PG&E filed an advice letter to revise its Microgrids Balancing Account so that the utility can record and recover expense costs associated with terminated or cancelled Microgrid Incentive Program projects (i.e., costs that would otherwise be written off below the line).

As the Microgrid Incentive Program advances, PG&E argues that two categories of expenses must be captured in a Microgrid Utility Infrastructure Upgrades sub-account:

  • Ongoing maintenance for Microgrid Special Facilities; and
  • Stranded capital costs from Microgrid Incentive Program projects abandoned due to factors outside PG&E’s control (e.g., construction issues, cost overruns, loss of financing, shifting tax incentives).
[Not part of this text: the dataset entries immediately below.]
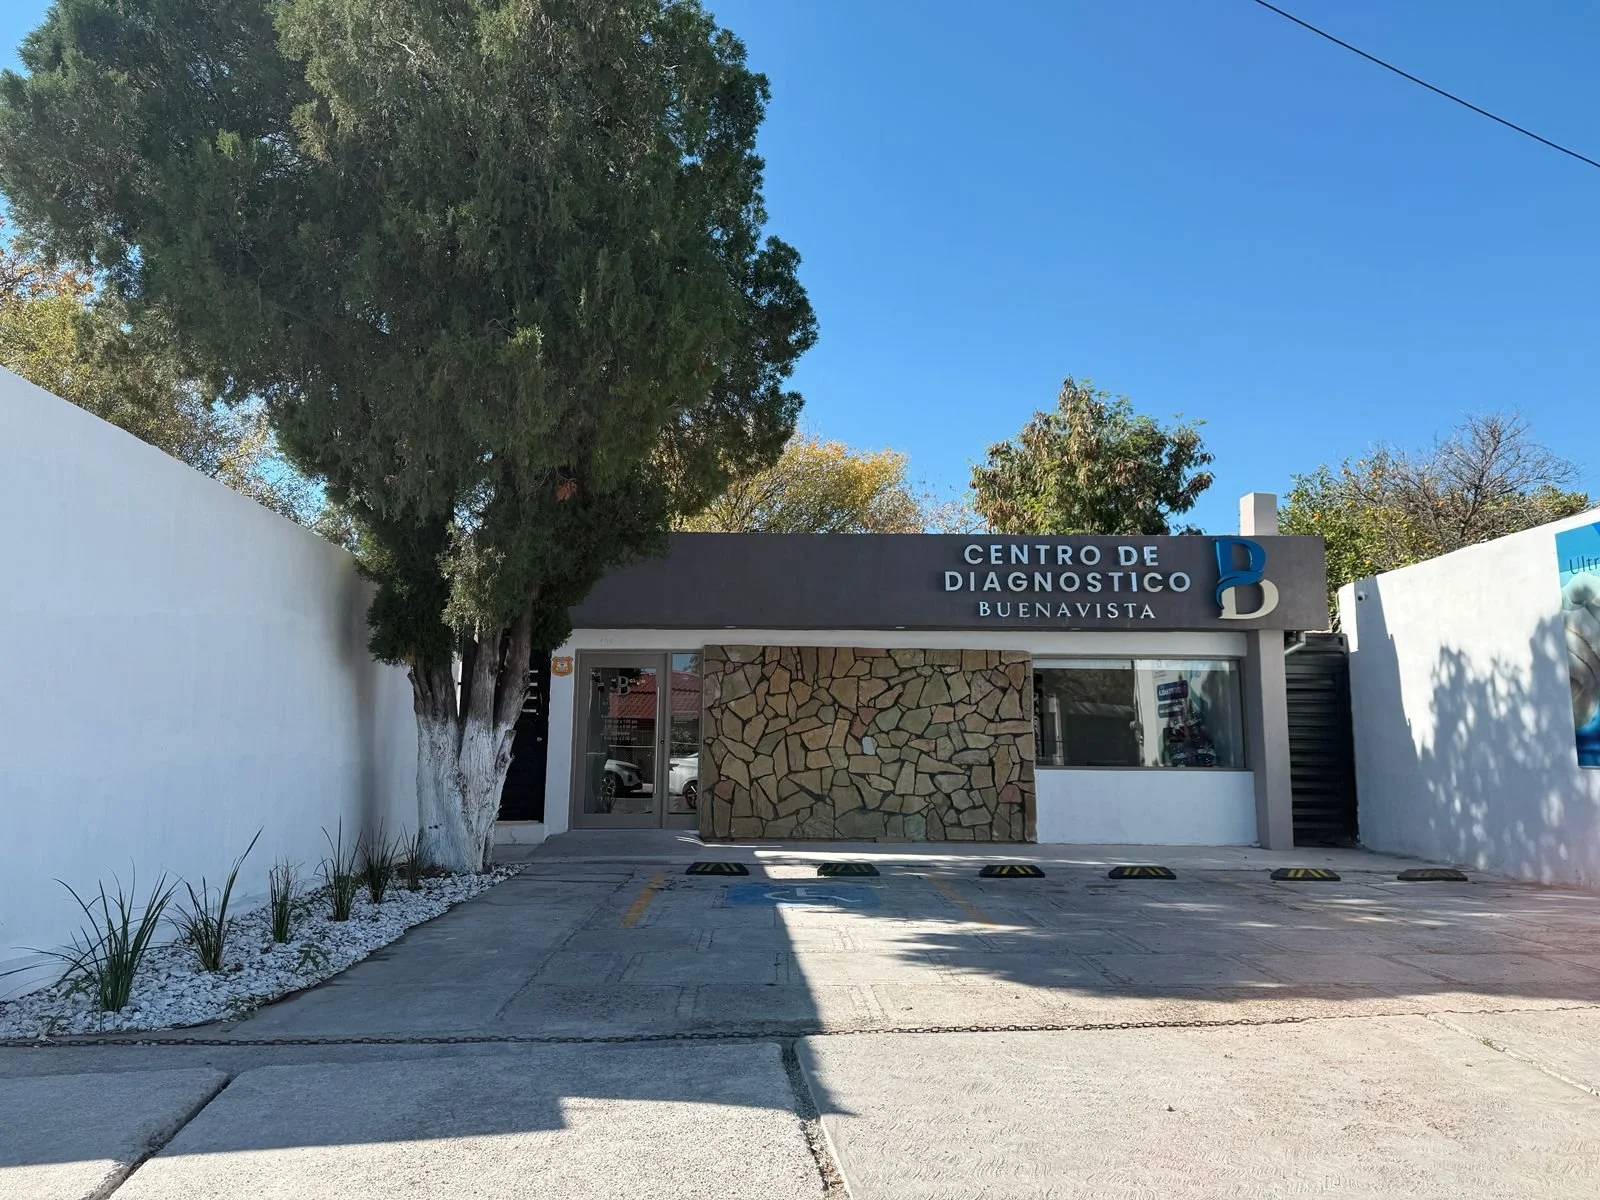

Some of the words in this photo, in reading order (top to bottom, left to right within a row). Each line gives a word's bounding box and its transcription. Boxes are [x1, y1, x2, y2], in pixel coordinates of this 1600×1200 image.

[963, 544, 1101, 566] CENTRO
[1117, 545, 1159, 567] DE
[1569, 555, 1600, 575] Ultr
[944, 571, 1191, 593] DIAGNOSTICO
[978, 601, 1157, 619] BUENAVISTA
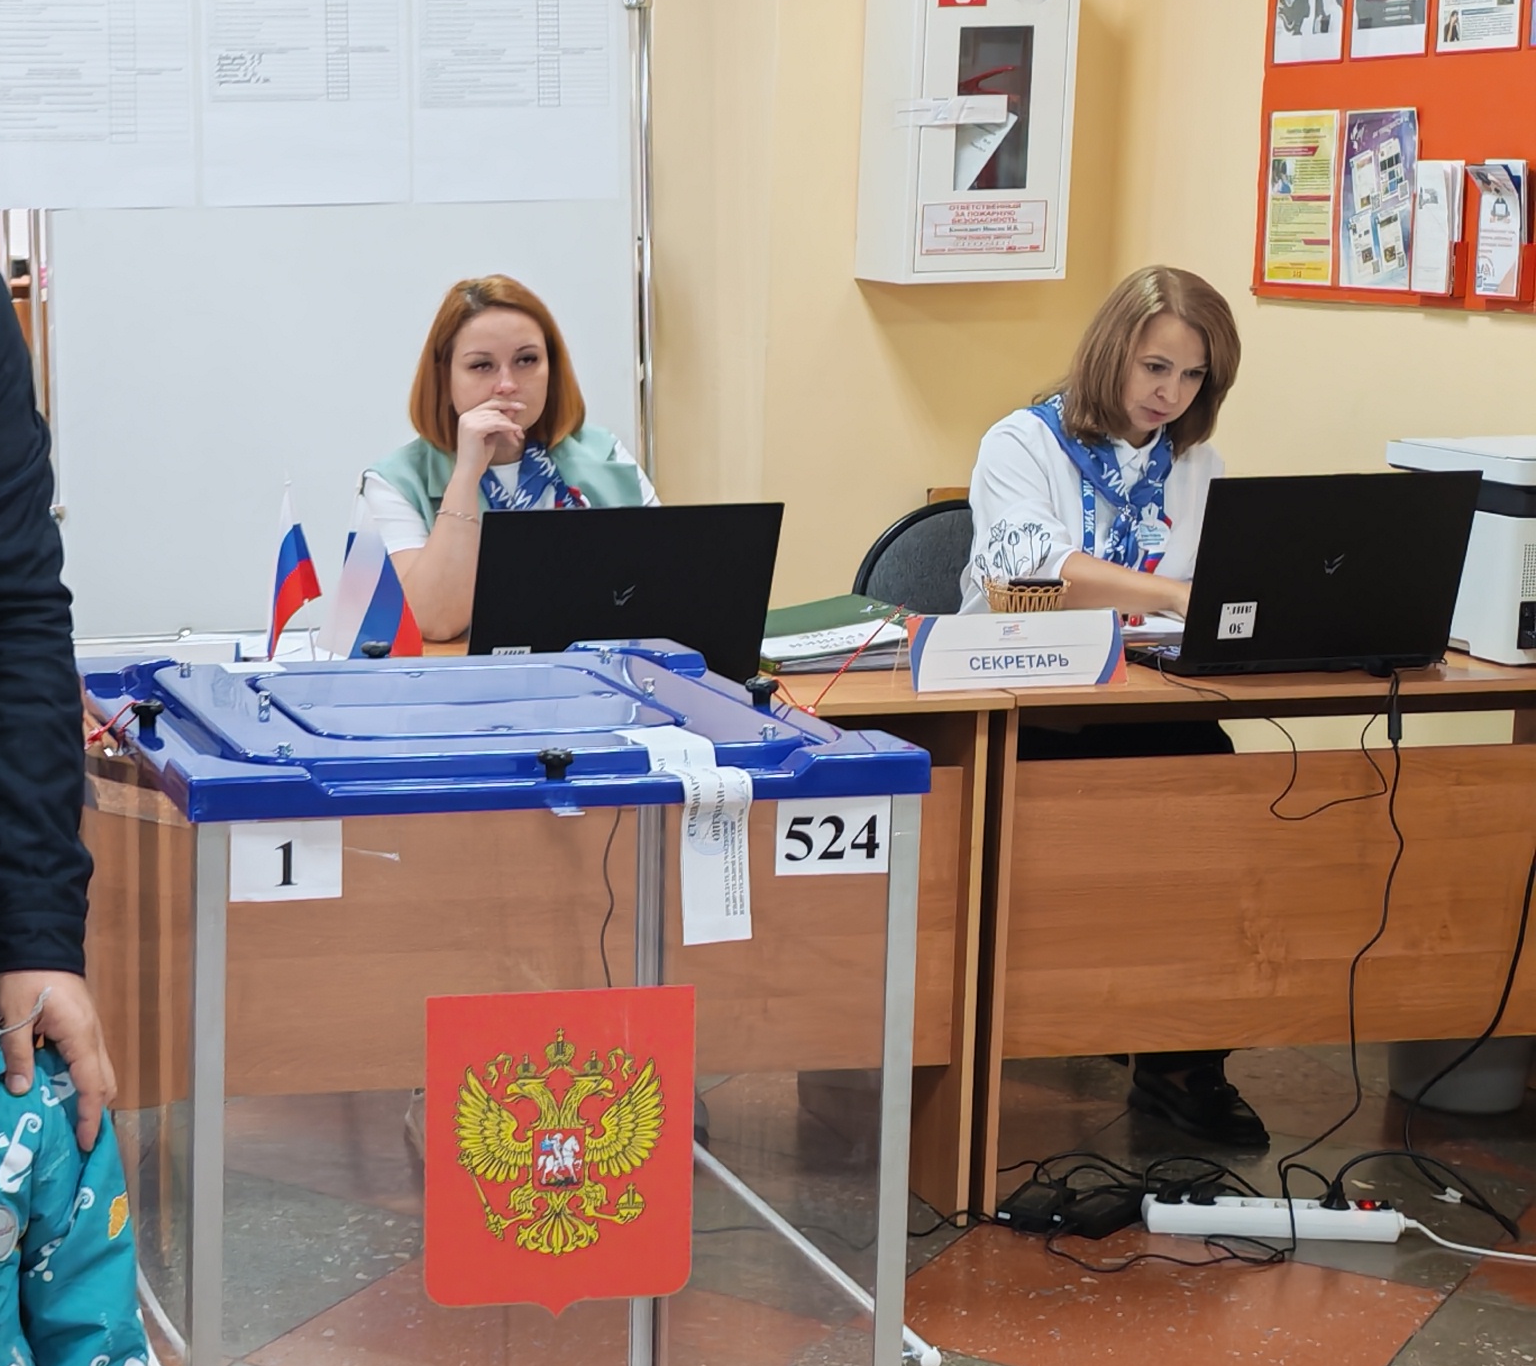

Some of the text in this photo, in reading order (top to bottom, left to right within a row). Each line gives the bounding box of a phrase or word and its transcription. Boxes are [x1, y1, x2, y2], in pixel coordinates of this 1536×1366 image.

Protests are due December 8.

Instant Analysis: This filing is a low-key albeit meaningful move: PG&E is seeking to pre-authorize recovery of stranded microgrid development costs, which shifts the financial risk of failed Microgrid Incentive Program projects from the utility to ratepayers. In other words, the CPUC’s microgrid framework is evolving toward full socialization of project-failure risk, treating cancellations and early terminations as recoverable program expenses rather than utility write-offs. For entities following the Community Microgrid Enablement Program and Microgrid Incentive Program implementation, this is an early indicator of how cost exposure will be allocated as more microgrid pilots encounter practical or financing hurdles.